By PAMELA CONSTABLE. The Washington Post, August 18, 1996
The U.S. government says Alexandre P. Konanykhine stole millions from
a Moscow bank.
But he says he is an honest businessman who ran afoul of Russian mobsters and corrupt
government officials. And that sending him home means certain death. It's our call.
Does he stay or go?
This tale is going to get complicated. We will begin as simply as possible.
In a drab immigration courtroom in Arlington, a lanky young man is sitting serenely at the defense table. He is 29 but looks a decade younger. He manages to appear collegiate even in an olive prison jumpsuit. His ankles are held apart by leg irons, yet he appears relaxed and confident, sipping Evian water and scribbling notes as if he were studying for midterms.
His name is Alexandre P. Konanykhine (pronounced Koh-nen-EE-kin), and he is a Russian national who had been living for the last three years in a $300,000 co-op at the Watergate with his wife, Elena, their exotic black cat, and puzzlingly little furniture. Each morning he shuffles into court between two guards, flashes an impish grin at his lawyer and leans over to kiss Elena, a pale, nervous and Pringle-thin woman who arrives each day in a different chic business suit.

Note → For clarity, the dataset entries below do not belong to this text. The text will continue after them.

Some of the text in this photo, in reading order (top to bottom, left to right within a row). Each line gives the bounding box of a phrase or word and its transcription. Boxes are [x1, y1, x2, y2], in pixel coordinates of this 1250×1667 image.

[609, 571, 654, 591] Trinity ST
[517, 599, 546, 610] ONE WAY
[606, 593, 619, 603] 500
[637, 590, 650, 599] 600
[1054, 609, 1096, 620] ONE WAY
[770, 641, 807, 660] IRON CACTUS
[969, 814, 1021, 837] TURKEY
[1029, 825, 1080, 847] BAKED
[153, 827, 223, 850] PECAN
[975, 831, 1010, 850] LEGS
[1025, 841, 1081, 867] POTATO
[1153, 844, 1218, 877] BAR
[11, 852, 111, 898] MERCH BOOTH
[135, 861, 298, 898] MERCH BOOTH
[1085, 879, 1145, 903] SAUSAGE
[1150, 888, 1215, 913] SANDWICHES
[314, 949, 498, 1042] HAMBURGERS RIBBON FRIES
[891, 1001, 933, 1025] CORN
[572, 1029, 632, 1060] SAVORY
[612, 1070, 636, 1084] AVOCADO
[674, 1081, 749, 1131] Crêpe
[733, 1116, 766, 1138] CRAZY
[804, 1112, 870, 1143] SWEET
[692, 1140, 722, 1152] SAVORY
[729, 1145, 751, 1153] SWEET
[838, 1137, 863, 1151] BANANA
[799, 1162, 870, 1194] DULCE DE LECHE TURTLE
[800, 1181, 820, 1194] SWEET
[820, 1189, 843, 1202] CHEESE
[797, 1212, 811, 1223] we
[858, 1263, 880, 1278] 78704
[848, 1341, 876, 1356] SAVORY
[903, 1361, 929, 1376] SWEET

Usually this room is the scene of far more mundane matters, the sort that involve illegal dishwashers from Mexico or engineering students who have neglected to return to Pakistan. But the Konanykhine case is truly exotic, and for nearly two weeks it transformed Judge John Bryant's court into a spellbinding seminar on international intrigue.
According to the U.S. government, the defendant is a brilliant international wheeler-dealer who embezzled $8 million from the Moscow bank he runs and has concocted a sinister plot to escape justice. His principal accuser is a slightly mysterious prosecutor from Moscow who has been stalking him relentlessly for three years, from Athens to Antigua to Arlington -- his personal Inspector Javert.
According to the defense, Konanykhine is a shrewd but honest businessman who ran afoul of greedy Russian mobsters backed by corrupt government officials. Having already stolen his business empire, they are now intent on murdering him.
In this country, the defendant is charged with a rather plebeian crime: fibbing about the details of his employment on an application to extend his American visa. Ostensibly, this is what federal immigration agents were concerned about when they knocked on his door at the Watergate on June 27 and took him off to jail. A case of white-collar visa fraud, nothing more.
Yet the stakes in this extended deportation hearing seem suspiciously elevated. Konanyhkine, a millionaire with offices two blocks from the White House, has been held without bond for six weeks as a "flight risk." FBI agents have testified by speaker phone from Moscow. Prosecutors from the U.S. Immigration and Nationalization Service have obtained and translated thousands of pages of Russian documents aimed at incriminating the defendant for everything from draft dodging to tax evasion.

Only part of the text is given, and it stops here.